*What to do:* Your task is to print all of the data below exactly, with no pictures included.

*Exercise data:*
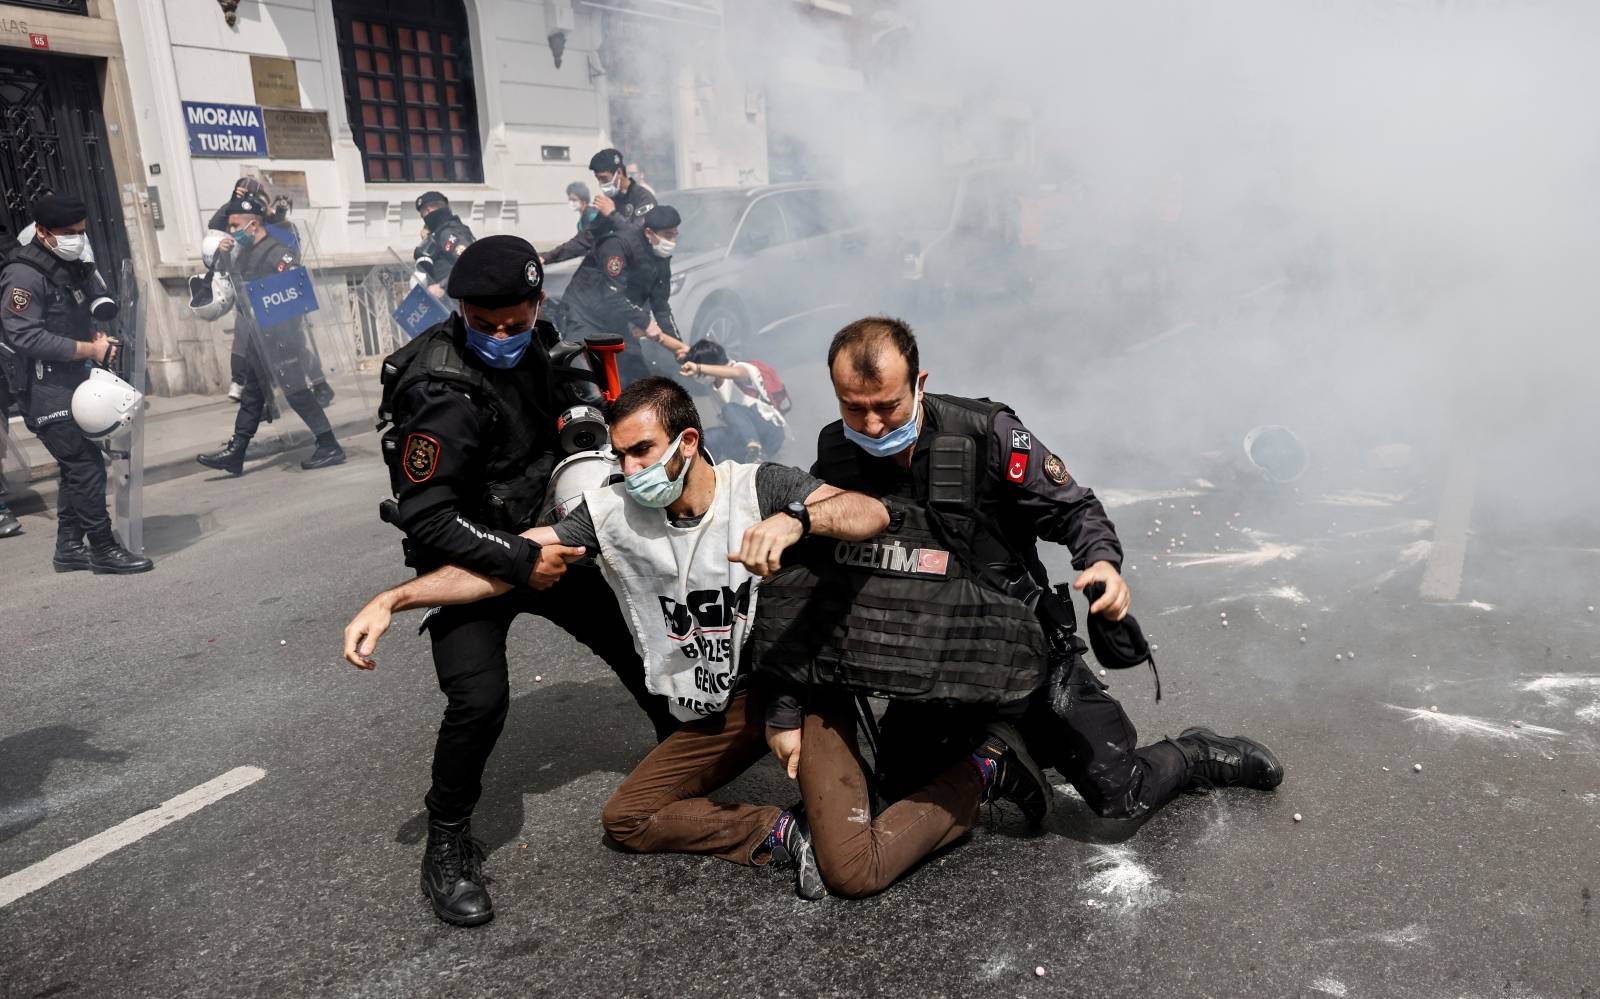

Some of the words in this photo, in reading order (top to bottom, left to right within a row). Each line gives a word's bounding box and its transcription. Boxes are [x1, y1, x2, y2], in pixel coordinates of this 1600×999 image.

[34, 36, 45, 46] 65
[187, 106, 260, 127] MORAVA
[197, 129, 257, 152] TURİZM
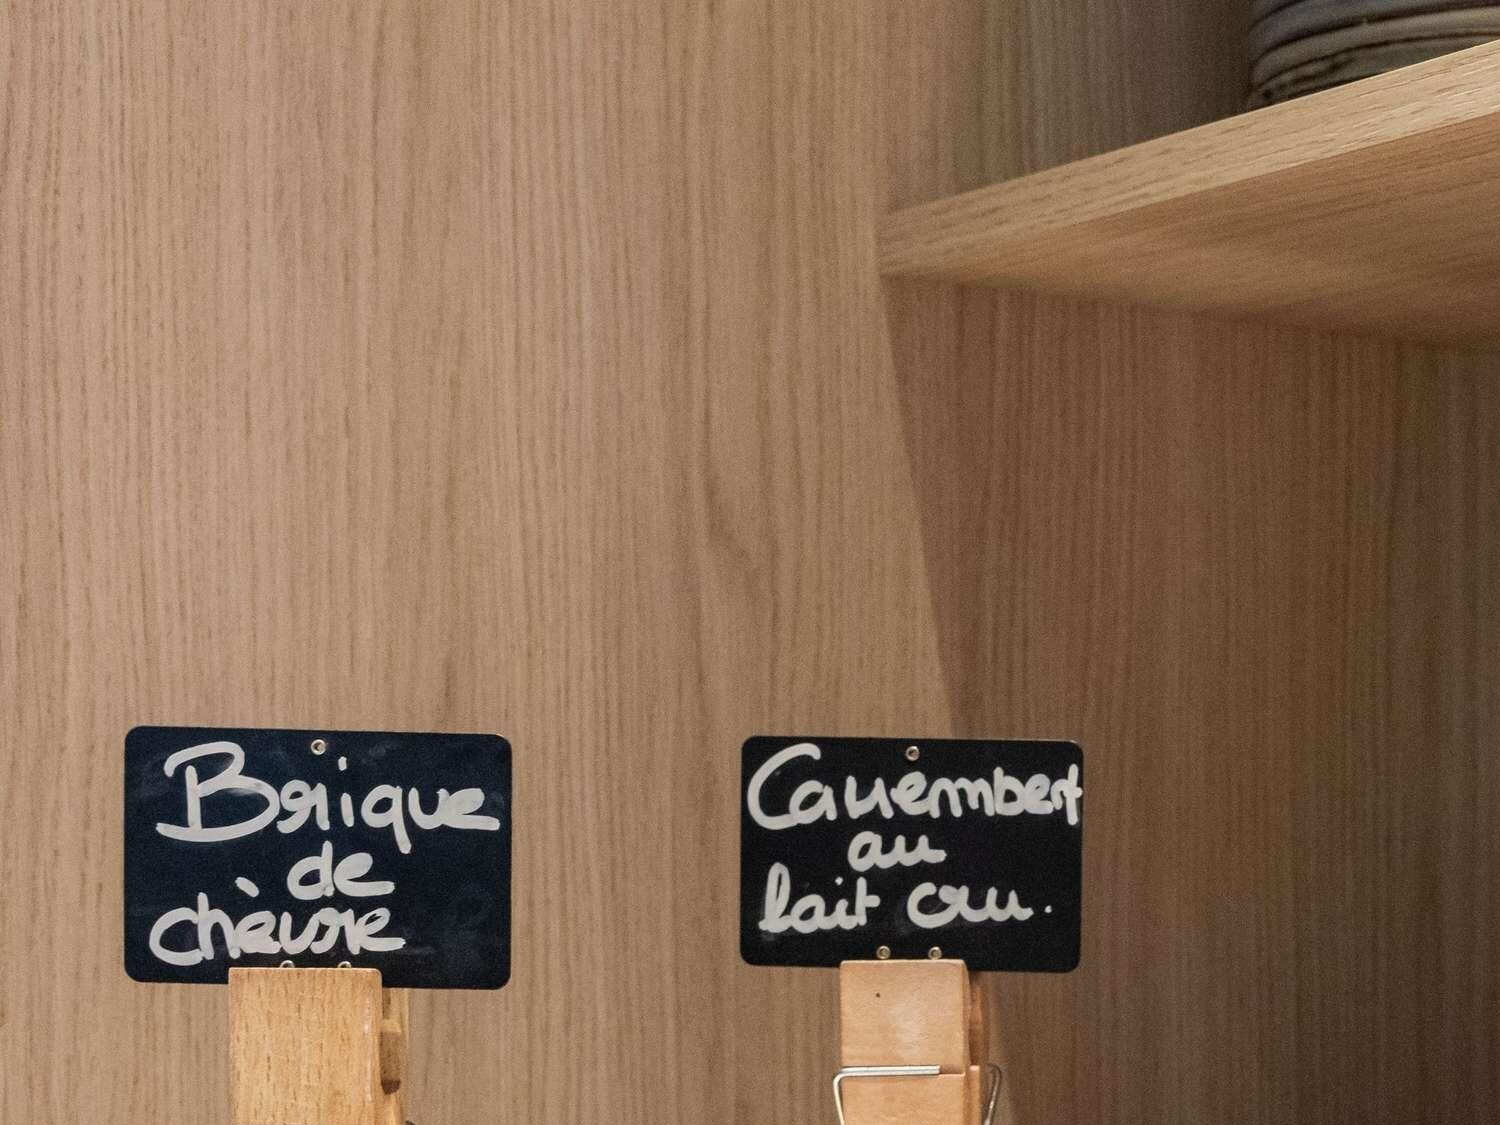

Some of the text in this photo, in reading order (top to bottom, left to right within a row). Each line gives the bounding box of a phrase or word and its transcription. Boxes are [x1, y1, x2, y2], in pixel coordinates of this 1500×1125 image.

[287, 841, 395, 900] de
[848, 831, 947, 872] au
[149, 877, 406, 966] chèvre
[758, 862, 880, 933] lait

*Answer below:*
Some of the words in this photo, in reading order (top to bottom, left to right within a row). Each line gives a word's bounding box and its transcription. Boxes are [x1, y1, x2, y2], in pixel coordinates of this 1600×999 image.

[34, 36, 45, 46] 65
[187, 106, 260, 127] MORAVA
[197, 129, 257, 152] TURİZM

Some of the text in this photo, in reading order (top to bottom, left to right within a row). Each line gives the bounding box of a phrase or word and its transcription. Boxes are [x1, y1, x2, y2], in pixel coordinates of this 1500×1125 image.

[287, 841, 395, 900] de
[848, 831, 947, 872] au
[149, 877, 406, 966] chèvre
[758, 862, 880, 933] lait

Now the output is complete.